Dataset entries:
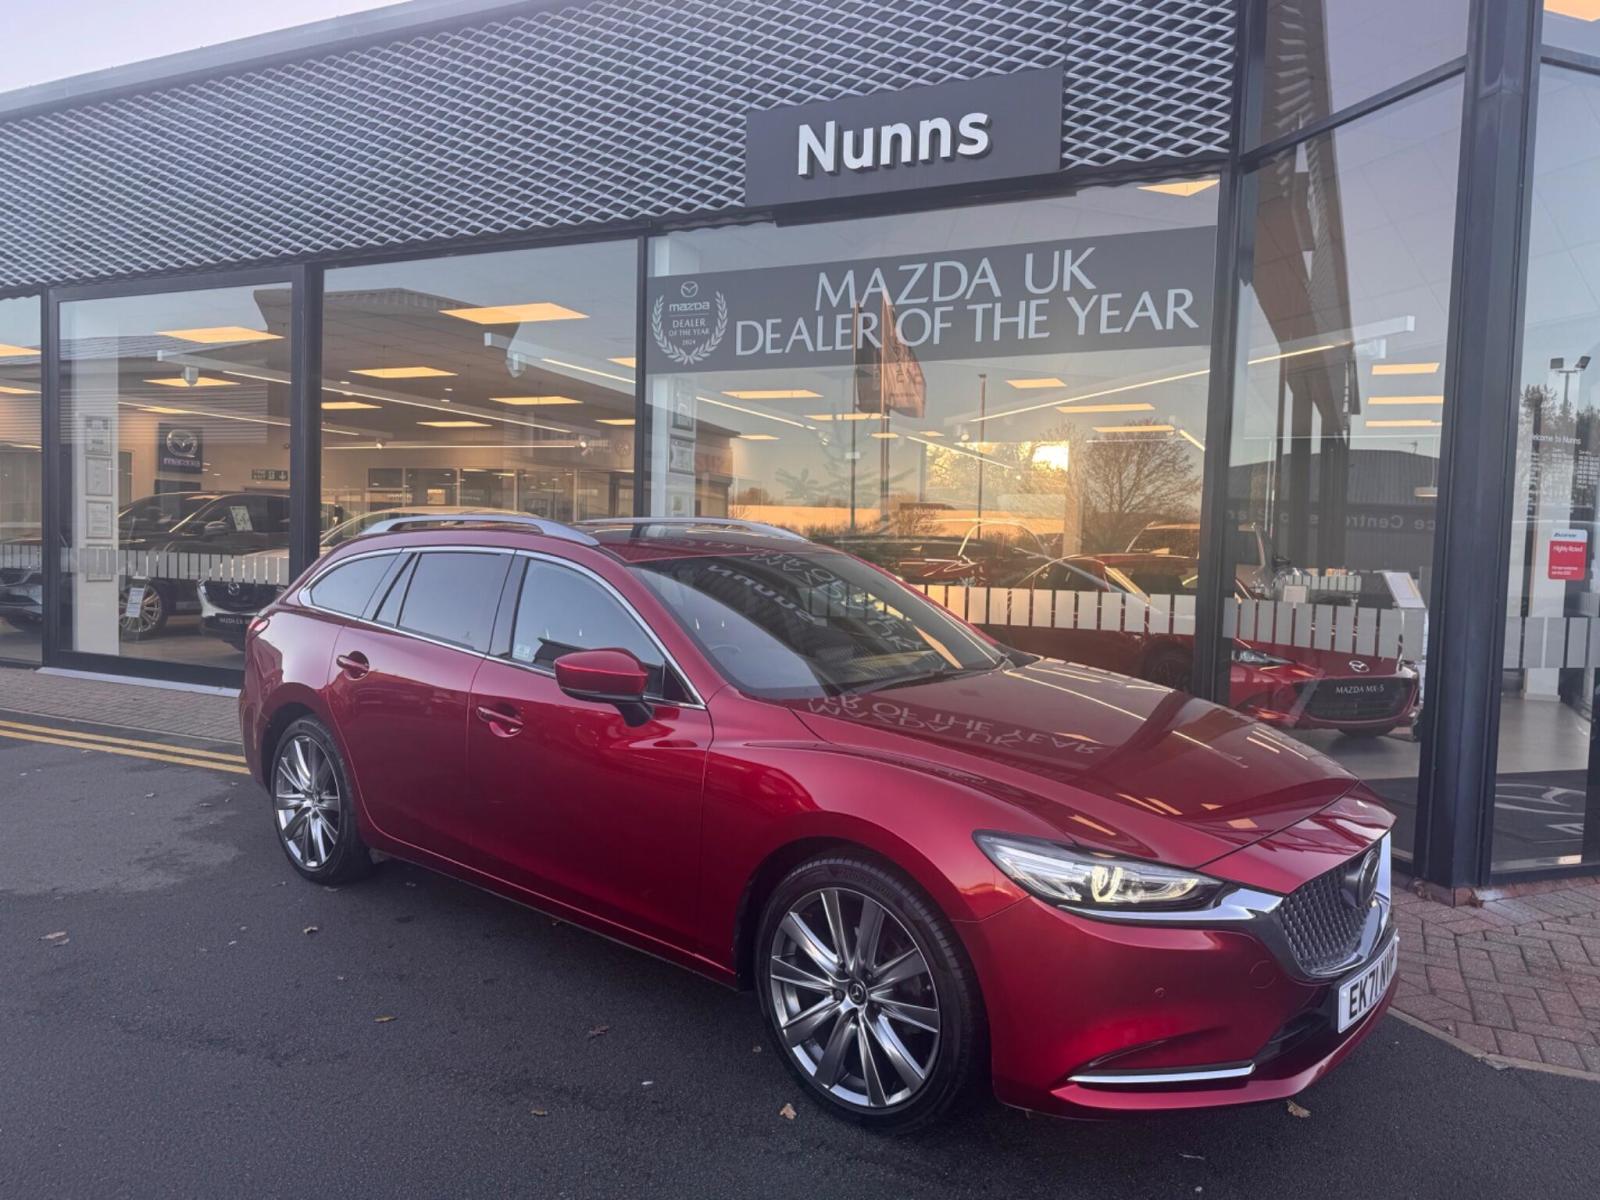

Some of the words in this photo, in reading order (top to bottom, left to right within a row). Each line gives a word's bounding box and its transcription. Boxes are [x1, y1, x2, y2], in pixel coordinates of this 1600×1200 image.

[798, 112, 990, 176] Nunns
[815, 257, 1001, 311] MAZDA
[1024, 247, 1096, 295] UK
[669, 301, 710, 312] mazda
[672, 318, 707, 329] DEALER
[735, 311, 882, 356] DEALER
[896, 306, 954, 347] OF
[966, 299, 1050, 342] THE
[1067, 288, 1199, 336] YEAR
[668, 329, 678, 337] OF
[693, 327, 710, 335] YEAR
[1335, 686, 1365, 695] MAZDA
[1366, 684, 1385, 693] MX-5
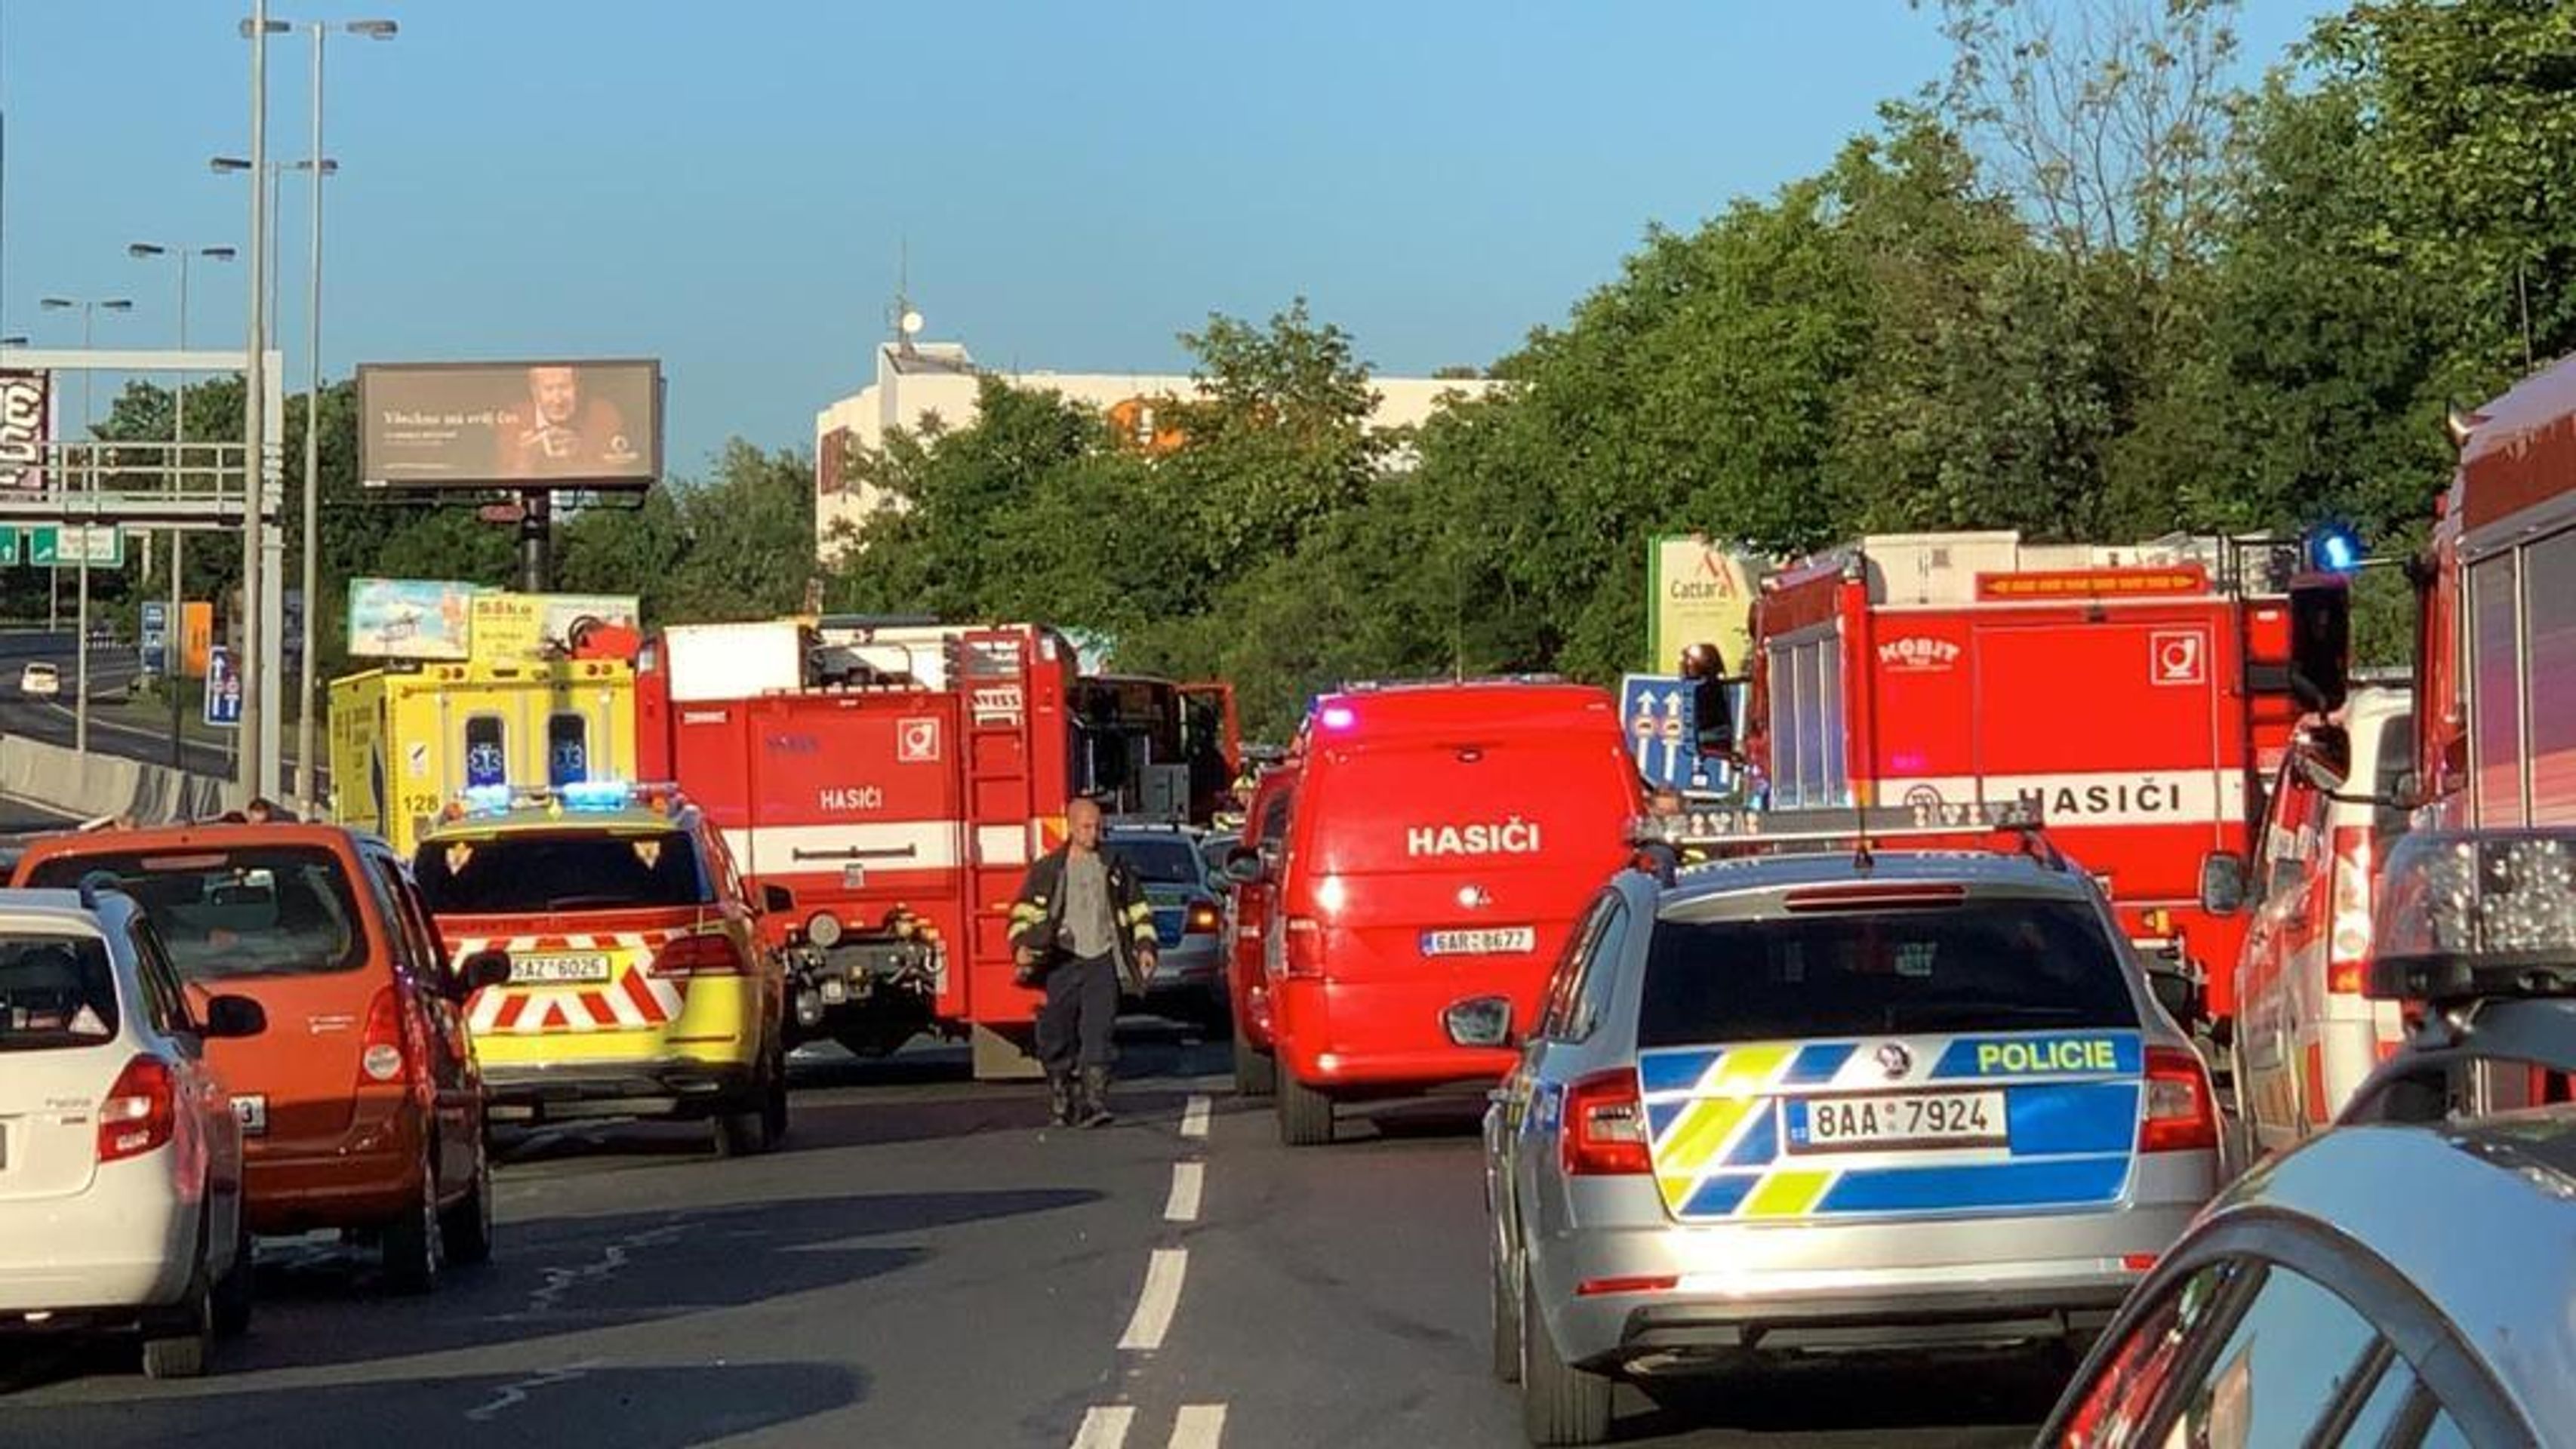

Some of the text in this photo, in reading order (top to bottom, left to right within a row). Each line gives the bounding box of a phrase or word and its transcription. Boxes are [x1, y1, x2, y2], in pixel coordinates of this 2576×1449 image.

[404, 794, 439, 814] 128
[820, 786, 882, 811] HASIČI
[1408, 815, 1539, 856] HASIČI
[1977, 1041, 2117, 1073] POLICIE
[1817, 1097, 1989, 1138] 8AA 7924

* **PROBLEM TO WORK ON**
You need to copy every entry exactly, taking out only the pictures.

* **EXERCISE RESULT**
Some of the words in this photo, in reading order (top to bottom, left to right within a row). Each line gives a word's bounding box and its transcription. Boxes are [x1, y1, x2, y2], in pixel coordinates of this 1600×1200 image.

[798, 112, 990, 176] Nunns
[815, 257, 1001, 311] MAZDA
[1024, 247, 1096, 295] UK
[669, 301, 710, 312] mazda
[672, 318, 707, 329] DEALER
[735, 311, 882, 356] DEALER
[896, 306, 954, 347] OF
[966, 299, 1050, 342] THE
[1067, 288, 1199, 336] YEAR
[668, 329, 678, 337] OF
[693, 327, 710, 335] YEAR
[1335, 686, 1365, 695] MAZDA
[1366, 684, 1385, 693] MX-5

Some of the text in this photo, in reading order (top to bottom, left to right within a row). Each line gives the bounding box of a phrase or word and its transcription. Boxes are [x1, y1, x2, y2], in pixel coordinates of this 2576×1449 image.

[404, 794, 439, 814] 128
[820, 786, 882, 811] HASIČI
[1408, 815, 1539, 856] HASIČI
[1977, 1041, 2117, 1073] POLICIE
[1817, 1097, 1989, 1138] 8AA 7924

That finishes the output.